Over ten years, working both individually and in various collaborations, Nick Crossley has been exploring the networks involved in music making. Focusing upon punk, post-punk, folk, heavy metal and Two Tone, and taking in networks of gigs and festivals as well as musicians and audiences, he has explored the structure of such networks; their formation and evolution; and their sociological importance in allowing music to 'happen'. The two main outputs of this project are: 

  • Crossley, N. (2015) Networks of Sound, Style and Subversion: the punk and post-punk worlds of Manchester, Liverpool, London and Sheffield, 1975-1980 (Manchester University Press). 
  • Crossley, N. (2020) Connecting Sounds: the social life of music (Manchester University Press)
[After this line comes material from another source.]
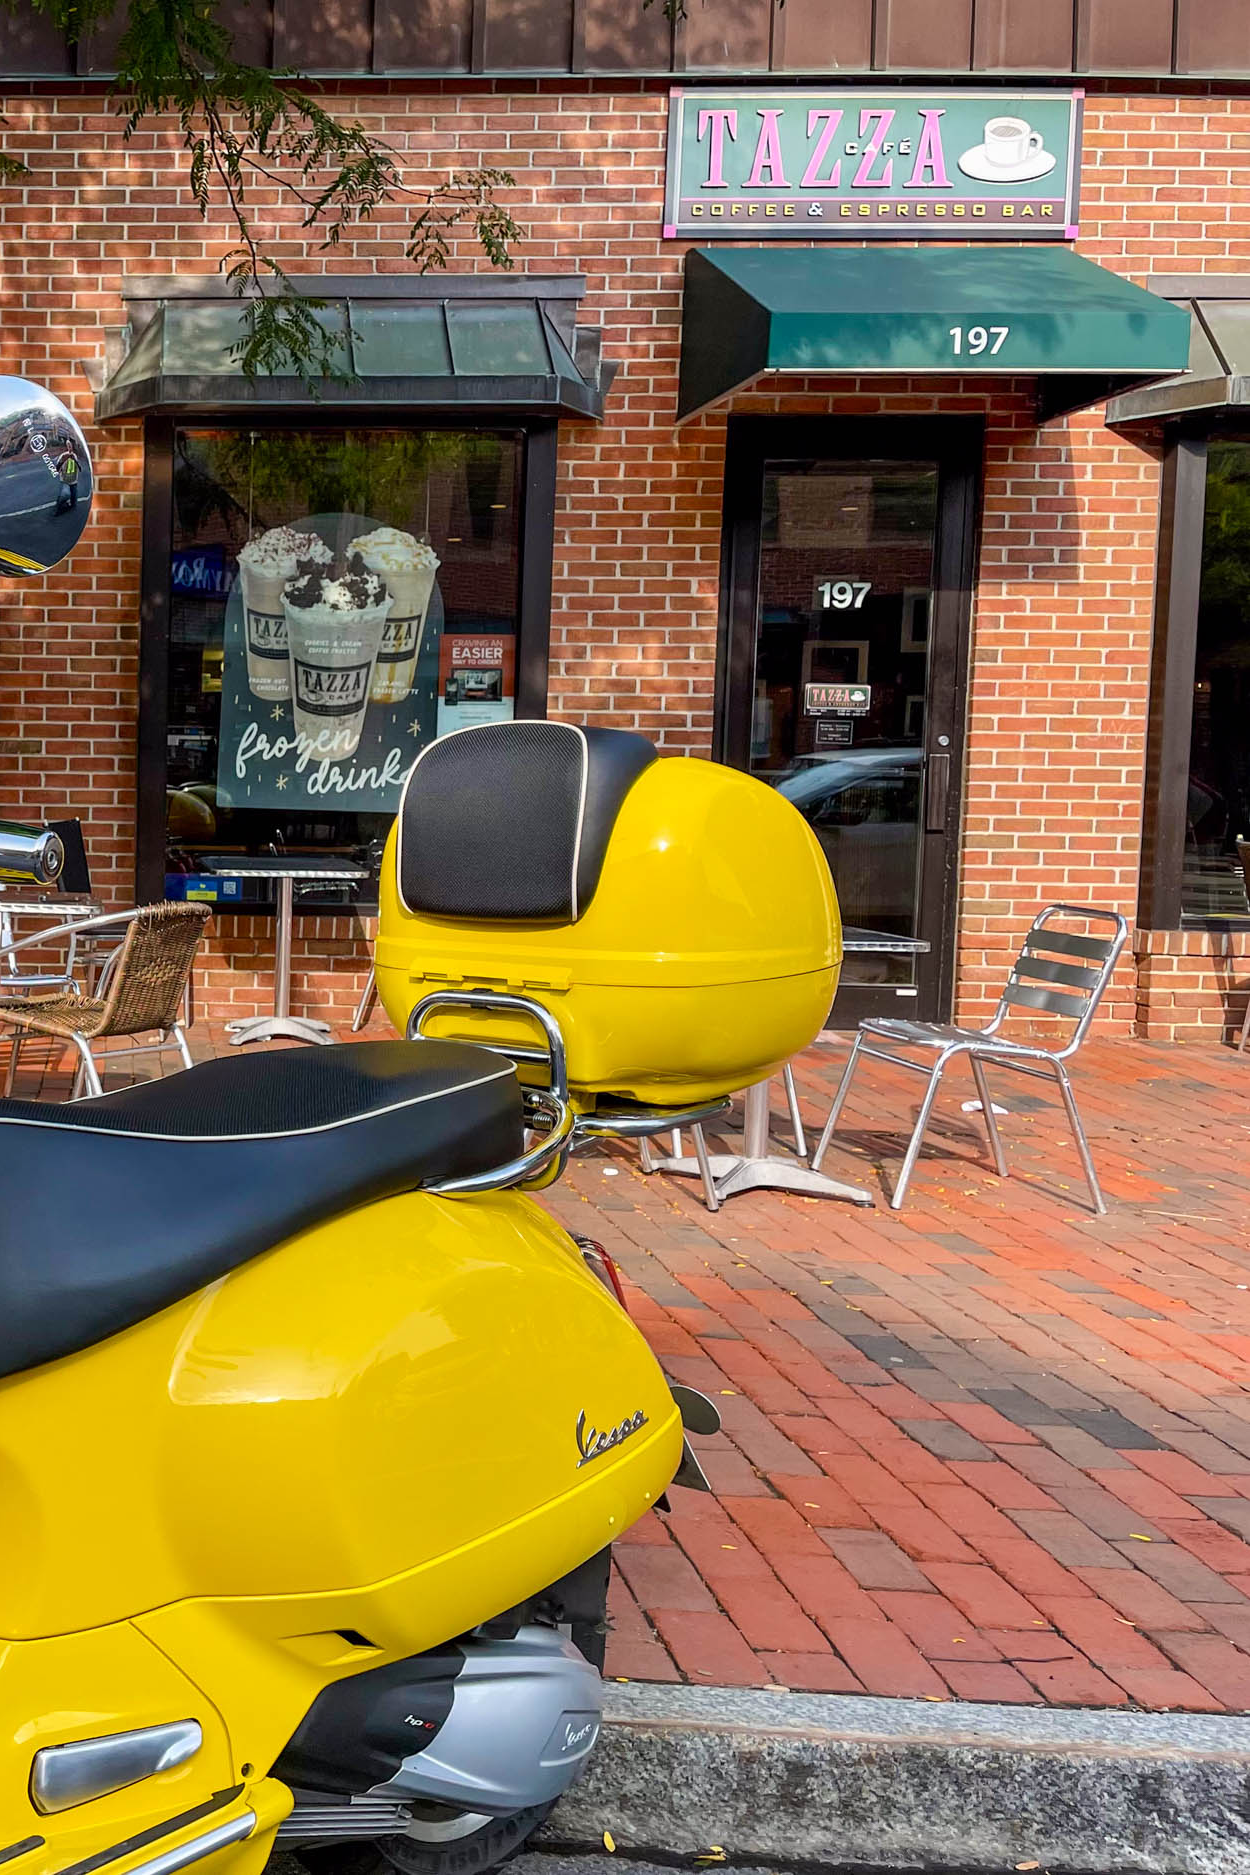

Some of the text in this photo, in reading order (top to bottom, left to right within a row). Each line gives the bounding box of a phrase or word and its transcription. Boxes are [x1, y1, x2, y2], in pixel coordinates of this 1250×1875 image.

Conspiracy to Corrupt: Extraction and Analysis of Bribery Network Data from Deferred Prosecution Agreements

Tomás Diviák and Nick Lord 

Deferred Prosecution Agreements (DPAs) are a legal tool for the non-trial resolution of cases of bribery and corruption. In the UK, the Serious Fraud Office has the power to negotiate DPAs with corporations implicated in bribery. Each DPA is accompanied by a Statement of Facts that provides detailed and publicly available textual records of the given cases, including summarized evidence of who was involved, what they committed, and with whom. These statements can be translated into networks amenable to social network analysis allowing an analysis of the structure and dynamics of each case.   

We extract information about (i) which actors were involved in a given case, (ii) the relations and interactions among these actors (e.g., communication or payments), (iii) their relevant individual attributes (e.g., affiliation or position), (iv) the timestamp of the interactions, and (v) the institutional context of each case from each Statements of Fact. We code the extracted information manually with two independent coders and subsequently, we assess the inter-coder reliability. Using SNA, we construct nine bribery networks, describing the structure and resilience of each network, its evolution over time, and test the effect of various mechanisms underlying its structure and dynamics.

The Perpetrators of Modern Slavery Offences: Motivations, Networks and Backgrounds - ESRC grant ES/R004471/1 (£315,613.61)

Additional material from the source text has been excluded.